Server Response To SMTP Client EHLO Command Results In Buffer Overrun (Q326322)

Published: July 24, 2002 | Updated: July 25, 2002

Version: 1.1

Originally posted: July 24, 2002

Summary

Who should read this bulletin:
System administrators using Microsoft® Exchange Server 5.5.

Impact of vulnerability:
Ability to run arbitrary code

Maximum Severity Rating:
Moderate

Recommendation:
System administrators should consider applying the patch.

Affected Software:

  • Microsoft Exchange Server 5.5

General Information

Technical description:

The Internet Mail Connector (IMC) enables Microsoft Exchange Server to communicate with other mail servers via SMTP. When the IMC receives an SMTP extended Hello (EHLO) protocol command from a connecting SMTP server, it responds by sending a status reply that starts with the following:

250-<Exchange server ID>Hello<Connecting server ID>

Where:

  • <Exchange server ID> is the fully-qualified domain name (FQDN) of the Exchange server
  • <Connecting server ID> is either the FQDN or the IP address of the server that initiated the connection. The FQDN would be used if the Exchange5.5 IMC is able to resolve this information through a reverse DNS lookup; the IP address would be used if a reverse DNS lookup was not possible or failed to resolve the connecting servers IP address.

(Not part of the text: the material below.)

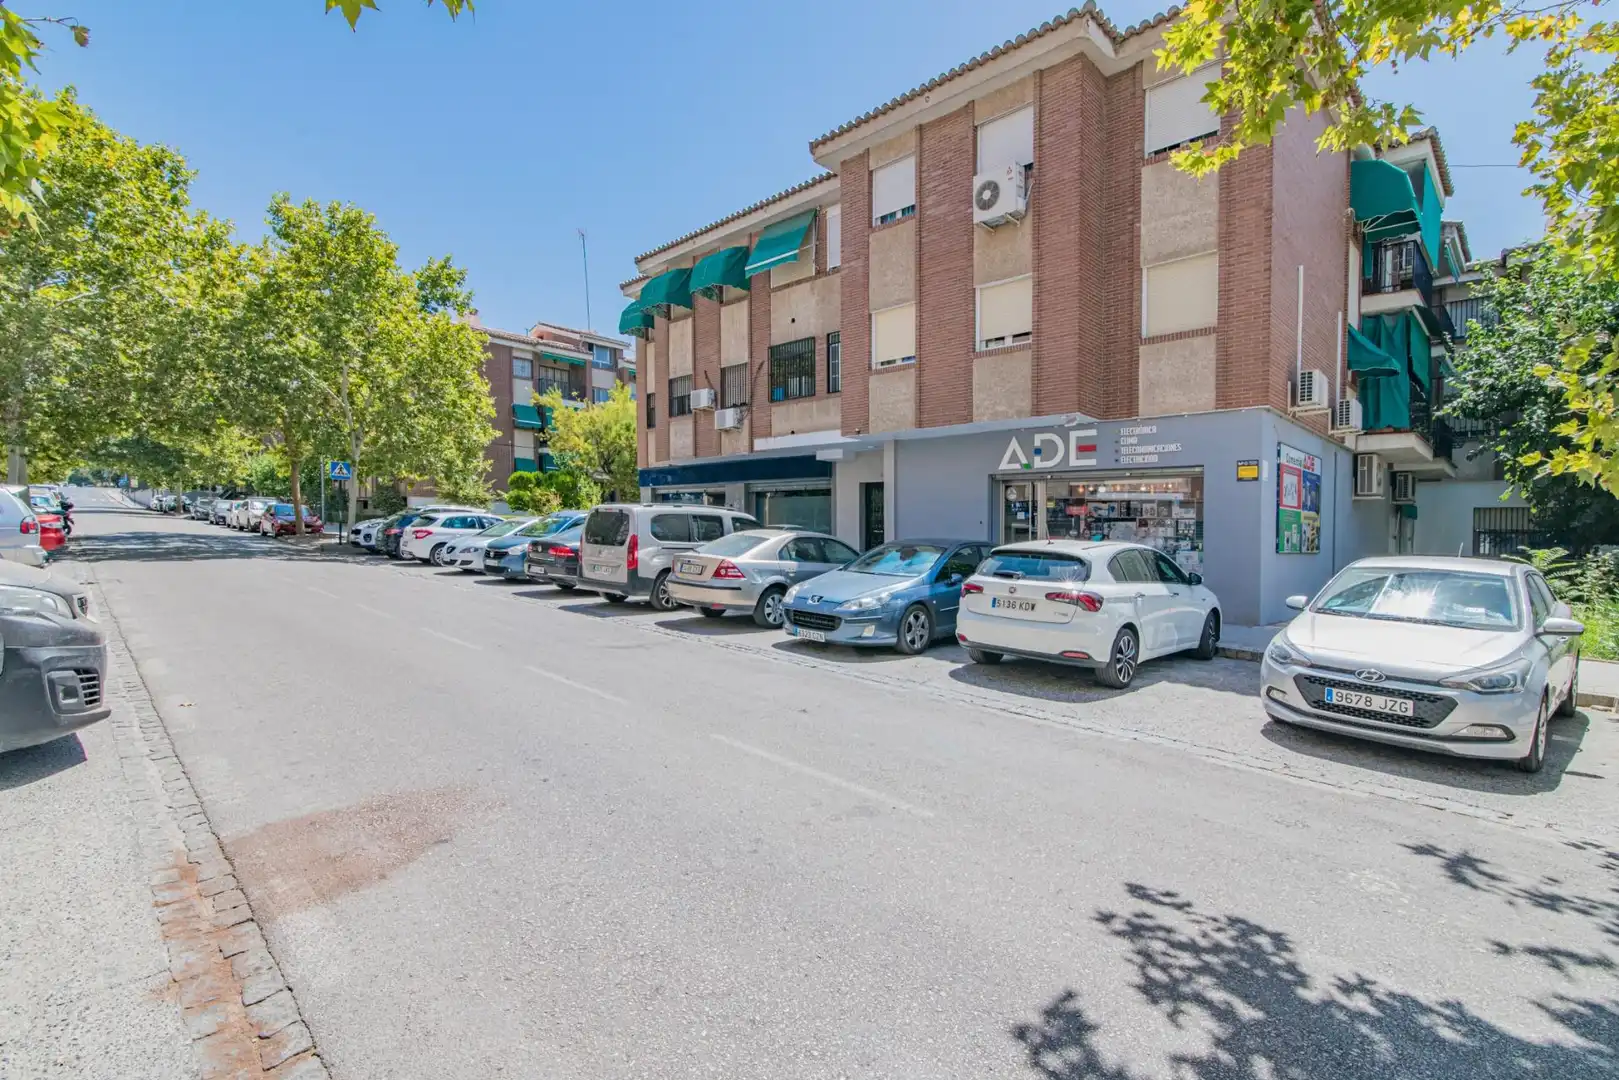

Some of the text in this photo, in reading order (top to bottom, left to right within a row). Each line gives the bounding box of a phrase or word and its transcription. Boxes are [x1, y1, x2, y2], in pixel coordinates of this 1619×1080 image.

[998, 429, 1098, 470] ADE
[996, 599, 1017, 609] 5136
[1335, 691, 1409, 713] 9678 JZG

A security vulnerability results because of an unchecked buffer in the IMC code that generates the response to the EHLO protocol command. If the total length of the message exceeds a particular value, the data would overrun the buffer. If the buffer were overrun with random data, it would result in the failure of the IMC. If, however, the buffer were overrun with carefully chosen data, it could be possible for the attacker to run code in the security context of the IMC, which runs as Exchange5.5 Service Account.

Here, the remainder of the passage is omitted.